Exercise
What is needed is an exact copy of the records below, without the pictures.

Text-to-region grounding data:
------------------------------------------------------------

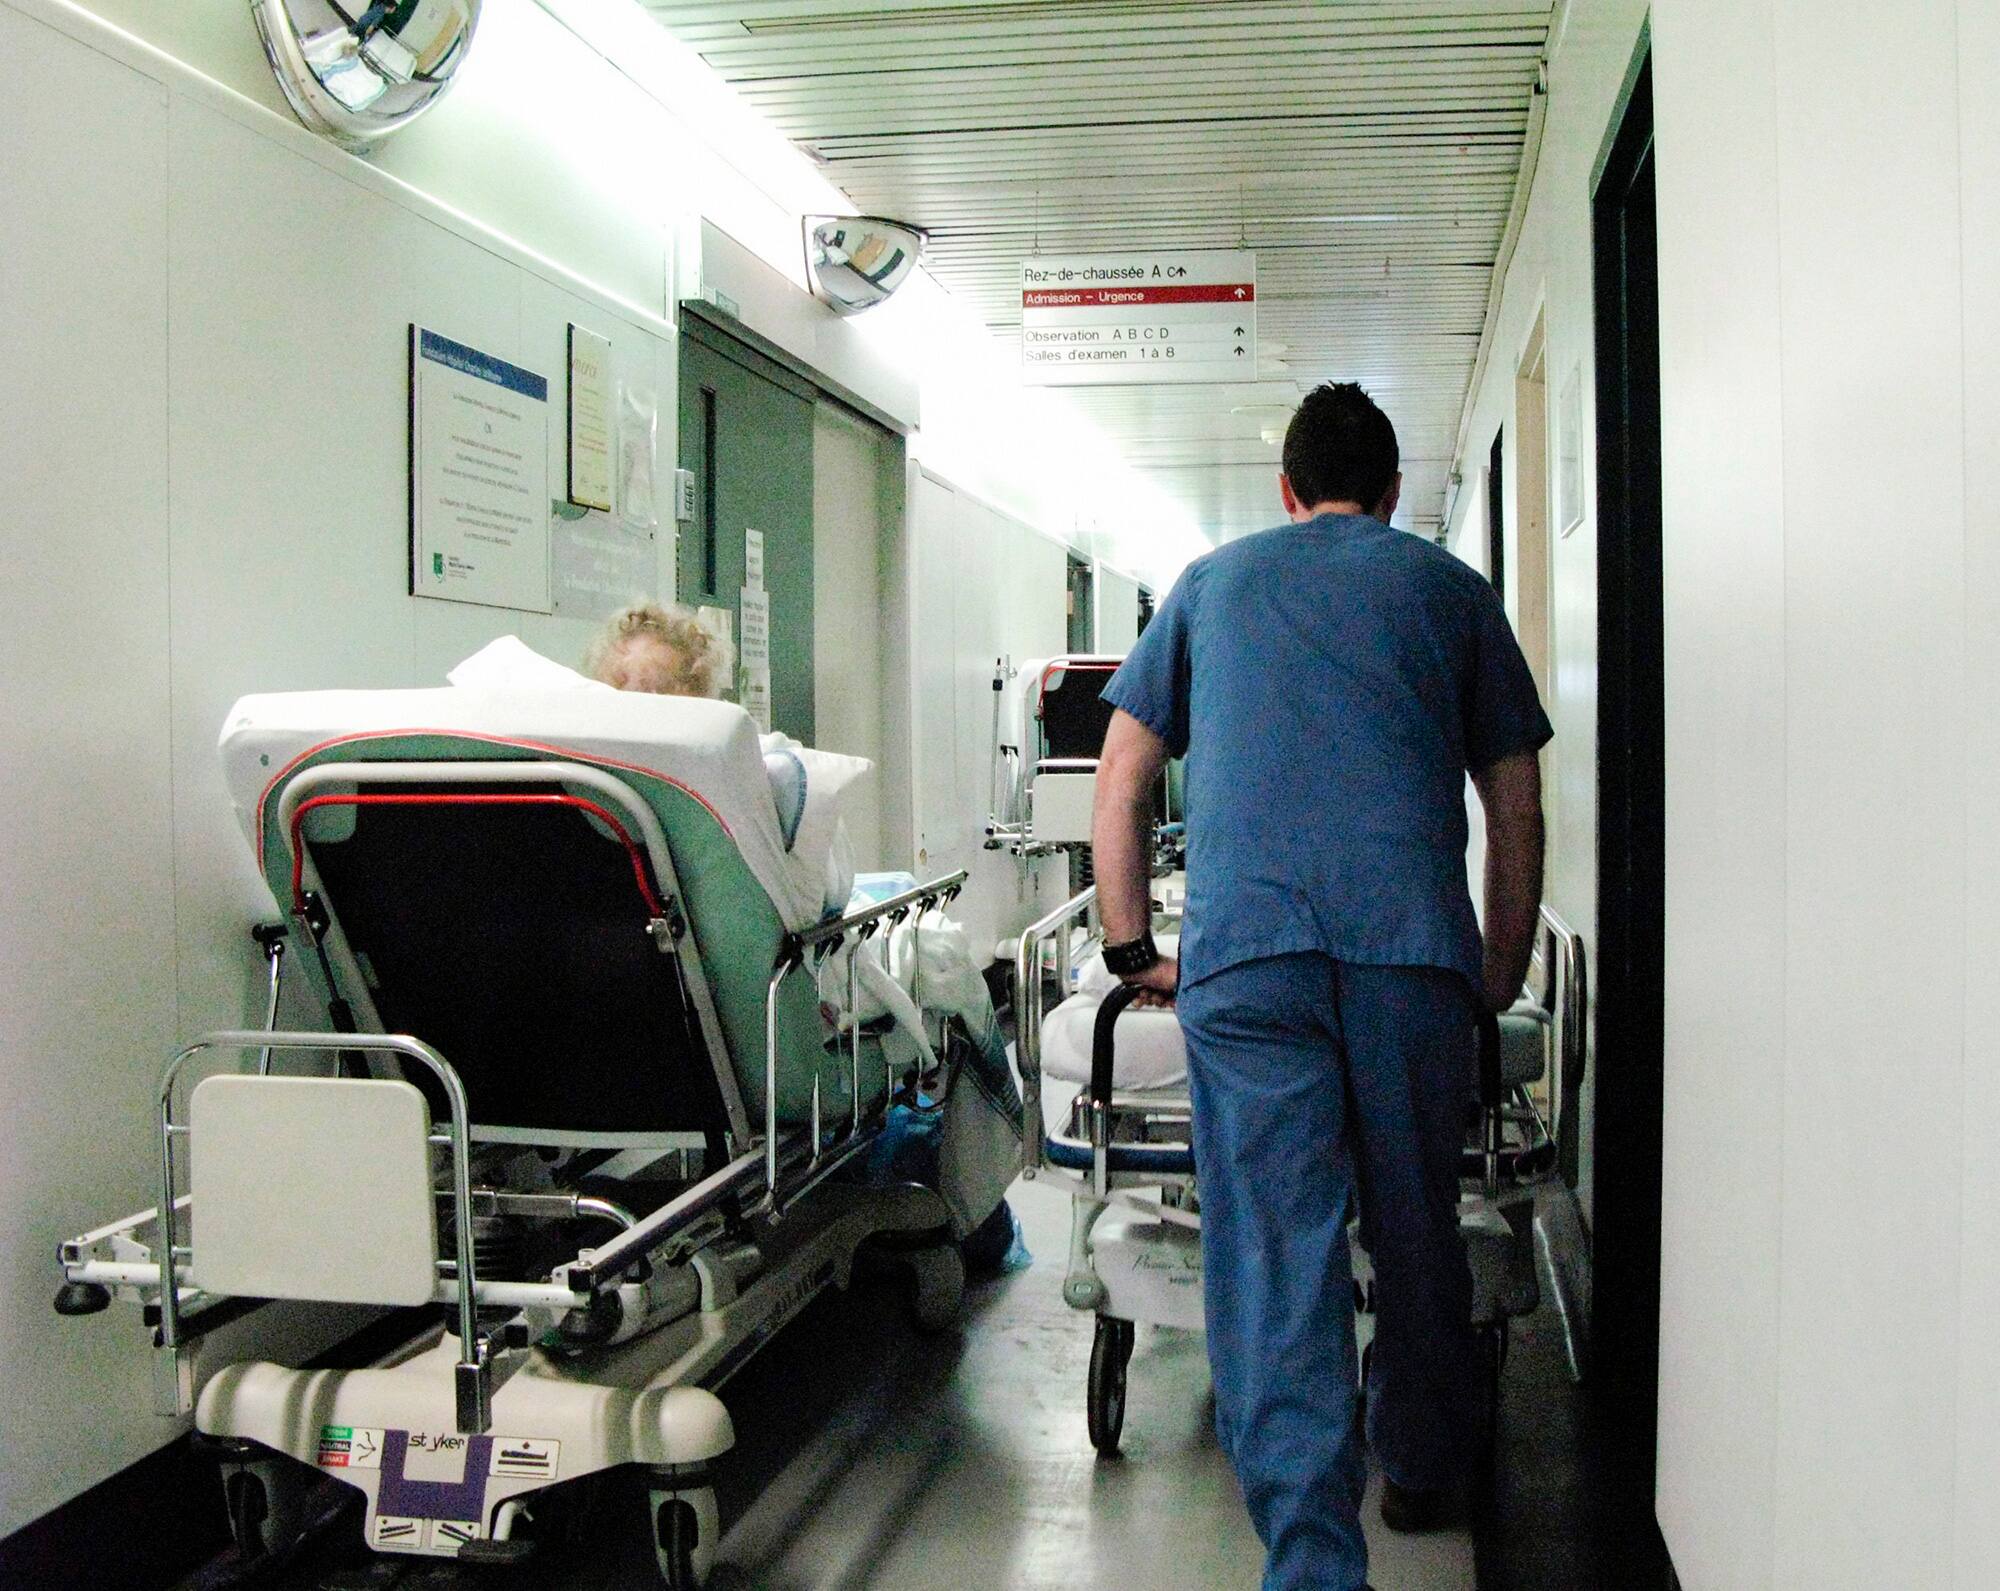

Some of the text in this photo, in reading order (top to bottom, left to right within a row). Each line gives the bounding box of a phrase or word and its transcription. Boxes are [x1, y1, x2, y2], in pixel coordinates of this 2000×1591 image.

[1024, 264, 1177, 282] Rez-de-chaussée A C
[1025, 293, 1081, 305] Admission
[1098, 291, 1145, 304] Urgence
[1025, 327, 1169, 343] Observation A B C D
[1025, 350, 1062, 362] Salles
[1068, 349, 1127, 361] d'examen
[1151, 348, 1159, 358] à
[408, 1431, 465, 1453] styker

------------------------------------------------------------

Reply
Some of the text in this photo, in reading order (top to bottom, left to right within a row). Each line gives the bounding box of a phrase or word and its transcription. Boxes are [x1, y1, x2, y2], in pixel coordinates of this 2000×1591 image.

[1024, 264, 1177, 282] Rez-de-chaussée A C
[1025, 293, 1081, 305] Admission
[1098, 291, 1145, 304] Urgence
[1025, 327, 1169, 343] Observation A B C D
[1025, 350, 1062, 362] Salles
[1068, 349, 1127, 361] d'examen
[1151, 348, 1159, 358] à
[408, 1431, 465, 1453] styker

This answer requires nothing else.